In other words, this moral accounting system is a product of war and conquest and not a natural part of human society. So it may help to keep this in mind the next time you feel a debt to one of your friends, society, or your maker.

What Would It Mean to Erase All Debt?

We are living in a time when too many of our financial resources are allocated to non-productive activities — principally the accumulation of wealth by “making money with money” and a myopic focus on economic activities that service our massive debts.

This is why people work at jobs they hate. It is why investments are not being made in renewable energy, public education, the arts, health care, or the eradication of poverty.

We have built a massive financial house of cards on debt — with money itself coming into being when loans are taken out, a pool that grows exponentially due to the interest that accompanies it — and so we are not able to bring consumer culture to an end or focus our creative talents on planetary sustainability. (By the way, this is exactly what my friends at /The Rules are trying to address in their global mobilization effort.)

So if we were to erase all debt, the 7 billion people alive today could focus on their passions.

We could all come together to address global threats — be they resource-based like the scarcity of fresh water or peaking of global oil production; or cultural like the loss of spiritual meaning in the secularization of society or the soullessness of employment drudgery that comes from working long hours at a mind-numbing job.

What comes to my mind is the way cities try to implement broad solutions to address economic development, transportation, resource management, social justice, and environmental concerns.
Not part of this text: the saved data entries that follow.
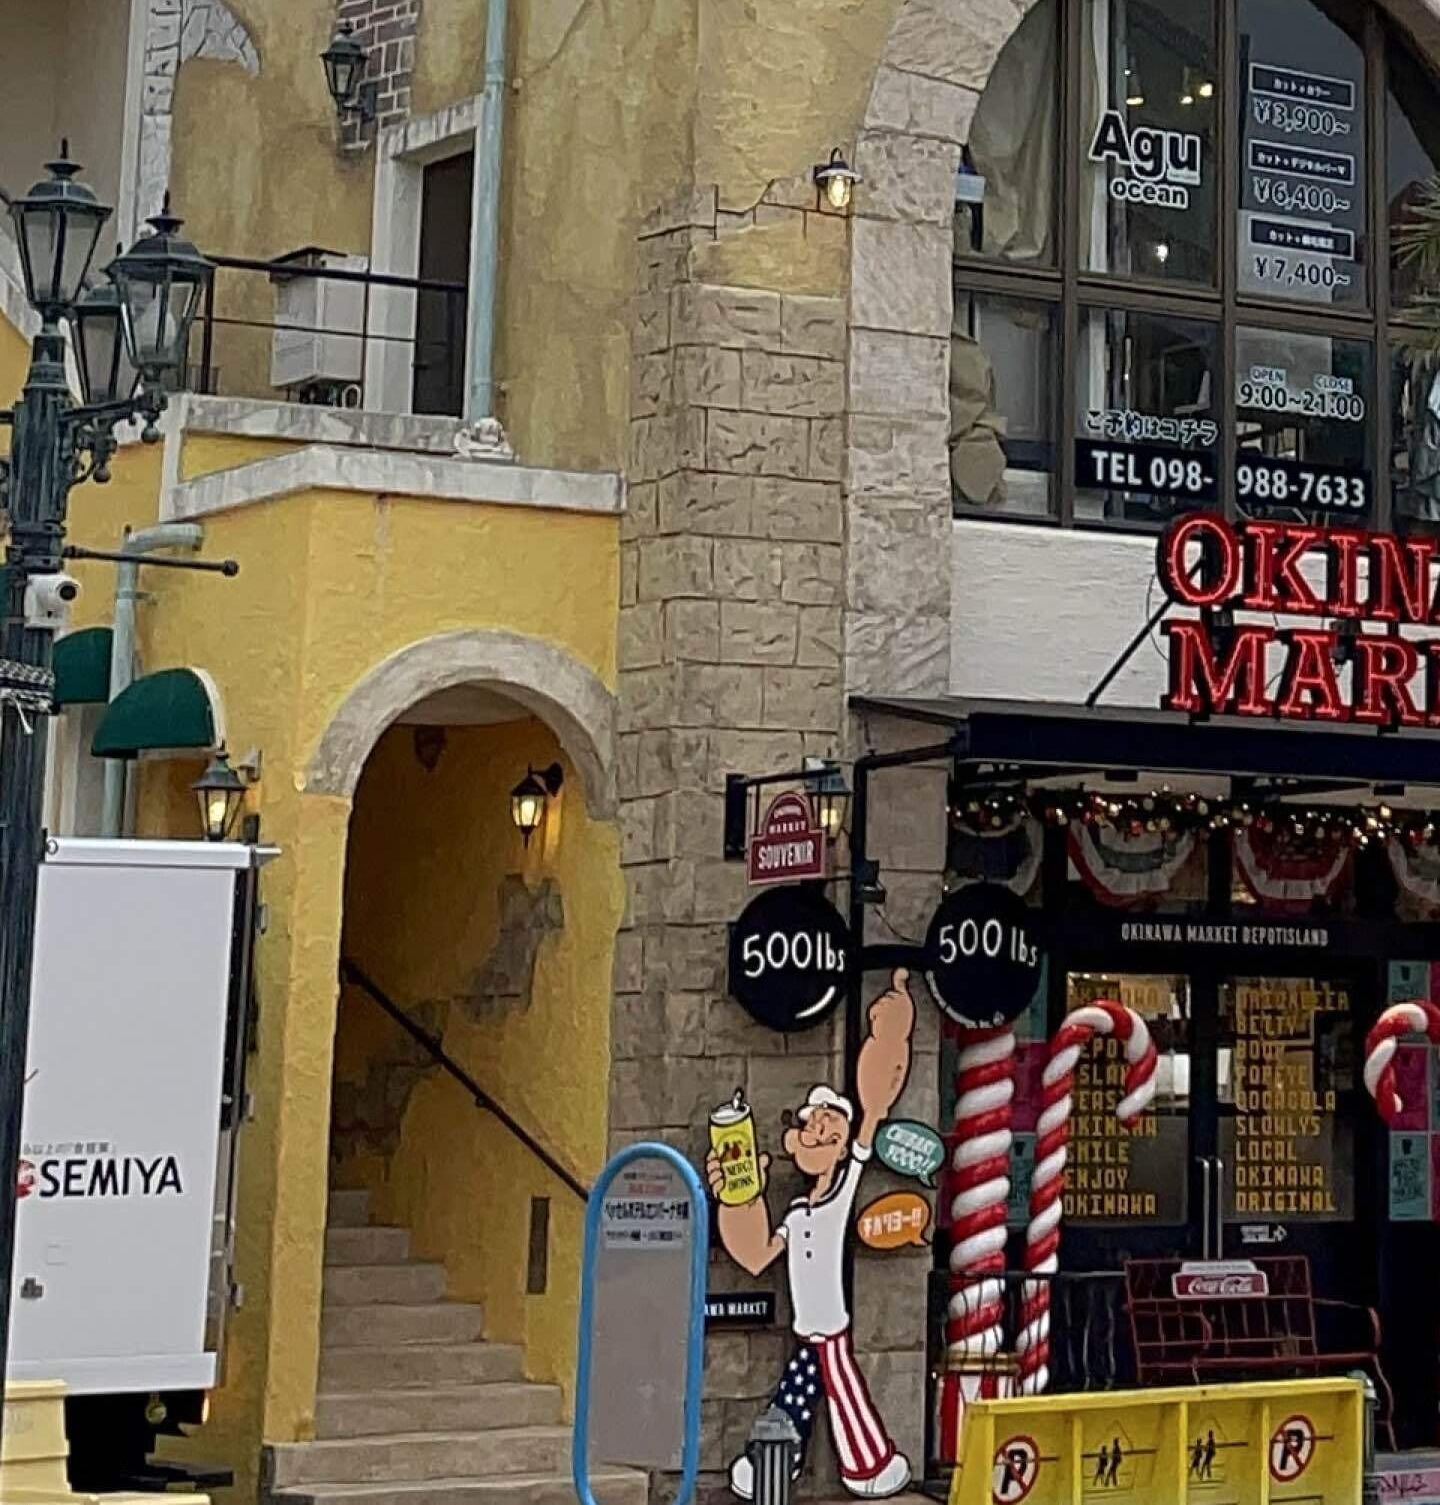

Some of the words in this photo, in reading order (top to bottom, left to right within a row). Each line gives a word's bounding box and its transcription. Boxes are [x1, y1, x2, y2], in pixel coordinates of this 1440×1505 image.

[1089, 109, 1200, 182] Agu
[1111, 177, 1189, 209] ocean
[1250, 366, 1286, 384] OPEN
[1314, 374, 1352, 393] CLOSE
[1086, 409, 1219, 445] ご予約はコチラ
[1090, 449, 1142, 485] TEL
[1150, 457, 1213, 491] 098-
[1236, 465, 1365, 508] 988-7633
[758, 840, 814, 870] SOUVENIR
[1121, 923, 1182, 941] OKINAWA
[1187, 924, 1237, 944] MARKET
[1242, 926, 1328, 947] DEPOTISLAND
[1235, 1140, 1297, 1161] LOCAL
[39, 1156, 184, 1197] SEMIYA
[1064, 1168, 1129, 1190] ENJOY
[1235, 1166, 1324, 1187] OKINAWA
[1063, 1194, 1158, 1216] OKINAWA
[1235, 1192, 1337, 1212] ORIGINAL
They must operate within constrained budgets that keep draining further without a clear end in sight.

I imagine what would be possible if everyone was able to set out on their own intellectual and experiential journeys without the fear of a debt-collector coming to their door. How then would the peoples of this world choose to live out their lives?

Perhaps you have your own dreams of a better world for you and your loved ones. What comes to mind for you? This is not merely an academic question, by the way, because we each participate in the social realities that are lent our beliefs, our actions, and our obligations. If we were to collectively decide that our debts are no more, they would cease to exist.

This is because what we take to be real in many respects becomes so as a self-fulfilling prophesy. We each have the power to be accountants — defining “the real” by choosing what to measure and imbuing it with significance. In this way, the Gross Domestic Product was claimed as an economic altar for measuring the progress of civilization in the 20th Century. Perhaps in the 21st we will replace it with Gross National Happiness or some other novel metric for capturing the essence of our values and purpose as a civilization on this Earth.

So I’ll ask you again… imagine if all debt were wiped away when the Mayan Calendar comes to an end this Friday?

Let your thoughts drift and see where they go!